A Message to All ALA Members from ALA President Maureen Sullivan
As we mark the halfway point of the 2011–2015 ALA Strategic Plan, the American Library Association (ALA) has made significant strides towards its goal to provide leadership in the transformation of libraries and library services in an increasingly digital information environment. I am proud to be part of this important work with ALA Immediate Past-President Molly Raphael and President-elect Barbara Stripling. At the highest levels and across the organization, ALA has mobilized around ebooks and larger digital content issues affecting libraries of all types. A great deal of work was accomplished earlier this year under Molly’s leadership and with the very good work accomplished by the Digital Content & Libraries Working Group (DCWG) that she appointed. This continues to be a priority for the Association.

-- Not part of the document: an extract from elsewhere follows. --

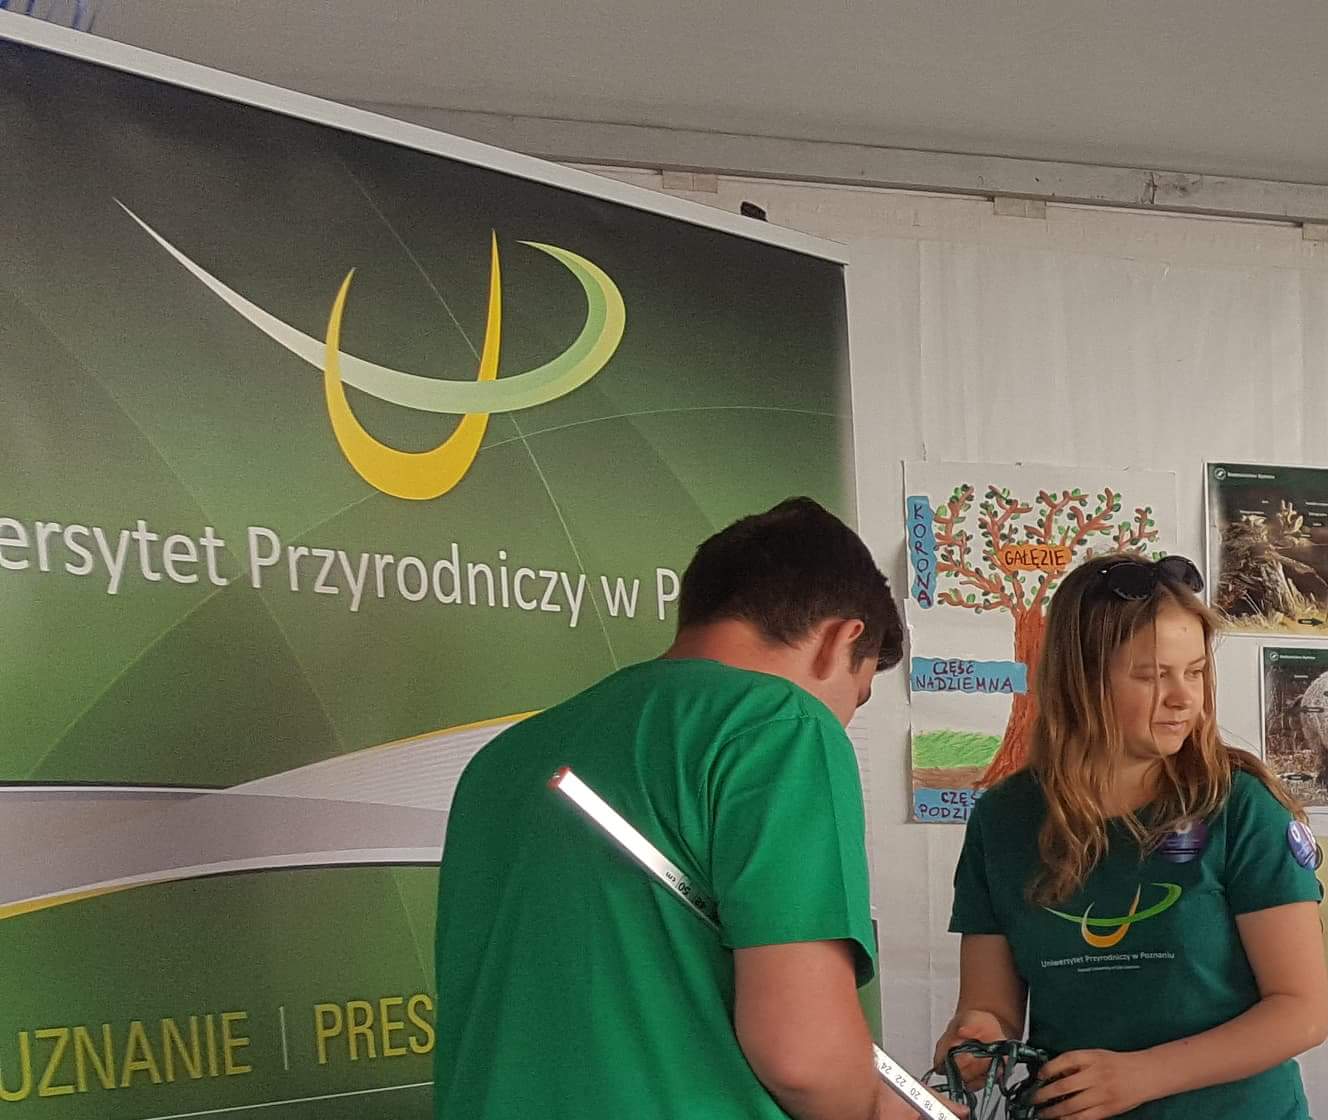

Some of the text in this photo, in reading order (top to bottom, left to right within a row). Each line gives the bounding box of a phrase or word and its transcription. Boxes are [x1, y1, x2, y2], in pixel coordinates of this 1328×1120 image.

As ALA President, I am encouraged by where ALA has positioned itself. Though there has not been enough progress with publishers and distributors, ALA has made many contributions to library advocacy. I know through my professional work in organizational consulting that revolutionary change is difficult and takes time to work through, and that paths forward are not clear cut. I’m pleased that ALA is making a good effort to navigate this revolution with, and on behalf of, our members. For their contributions to ALA and the library community, I particularly thank the co-chairs of the DCWG, Robert Wolven and Sari Feldman; the members of the DCWG; and the ALA staff who support the DCWG.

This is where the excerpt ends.